(SUPPLIED DATA)

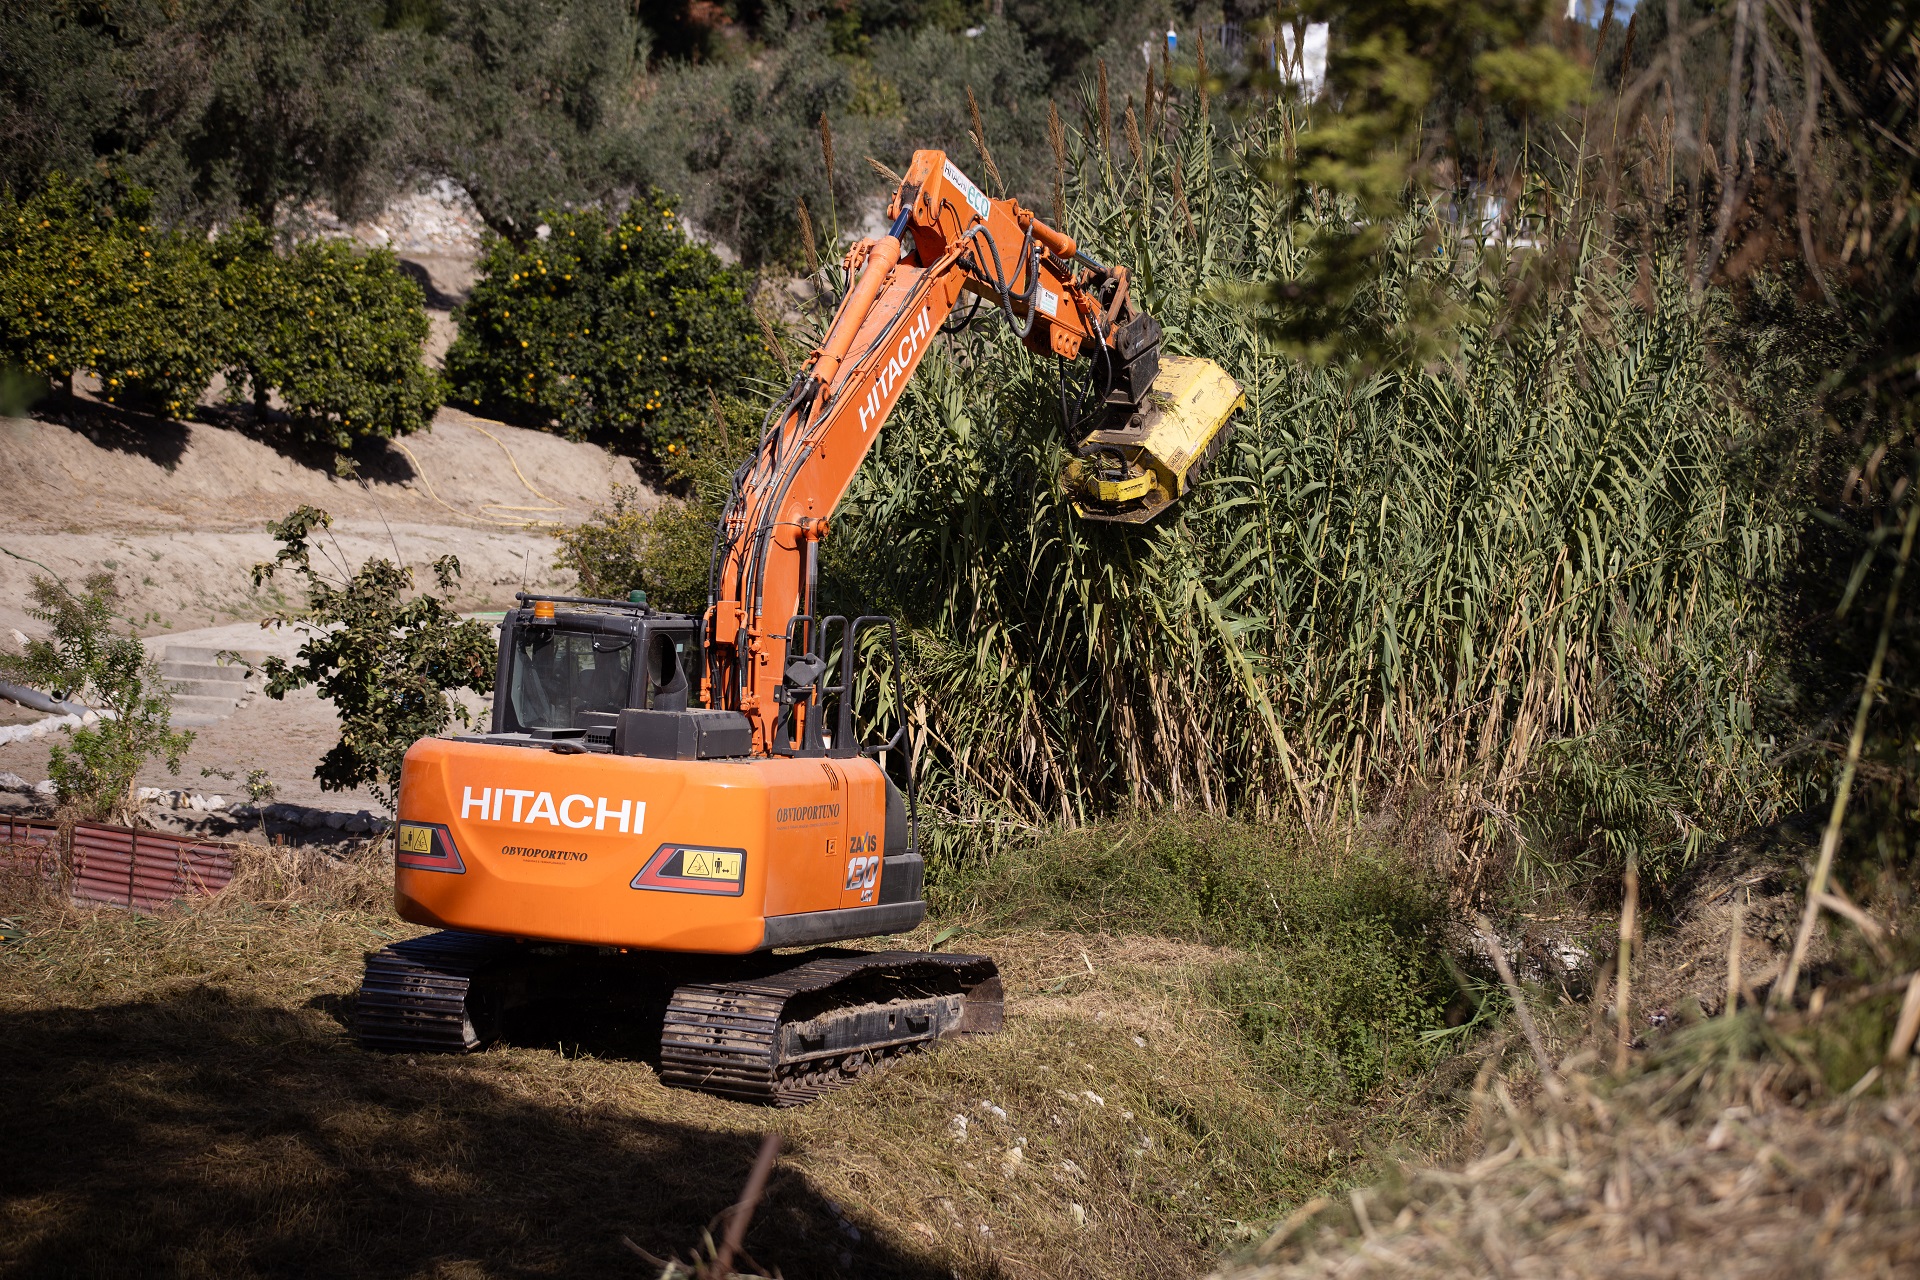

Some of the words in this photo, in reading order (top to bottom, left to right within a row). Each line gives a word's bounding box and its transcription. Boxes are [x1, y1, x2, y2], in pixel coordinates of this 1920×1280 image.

[967, 186, 989, 217] eco
[858, 305, 931, 432] HITACHI
[460, 786, 647, 835] HITACHI
[776, 803, 840, 823] OBVIOPORTUNO
[501, 845, 588, 862] OBVIOPORTUNO
[849, 831, 877, 854] ZAXIS
[845, 856, 880, 890] 130

(End SUPPLIED DATA)

#### WORK TO BE COMPLETED
Write out each entry exactly, images excluded.

#### TASK SOLUTION
Some of the words in this photo, in reading order (top to bottom, left to right within a row). Each line gives a word's bounding box and its transcription. Boxes are [x1, y1, x2, y2], in pixel coordinates of this 1920×1280 image.

[967, 186, 989, 217] eco
[858, 305, 931, 432] HITACHI
[460, 786, 647, 835] HITACHI
[776, 803, 840, 823] OBVIOPORTUNO
[501, 845, 588, 862] OBVIOPORTUNO
[849, 831, 877, 854] ZAXIS
[845, 856, 880, 890] 130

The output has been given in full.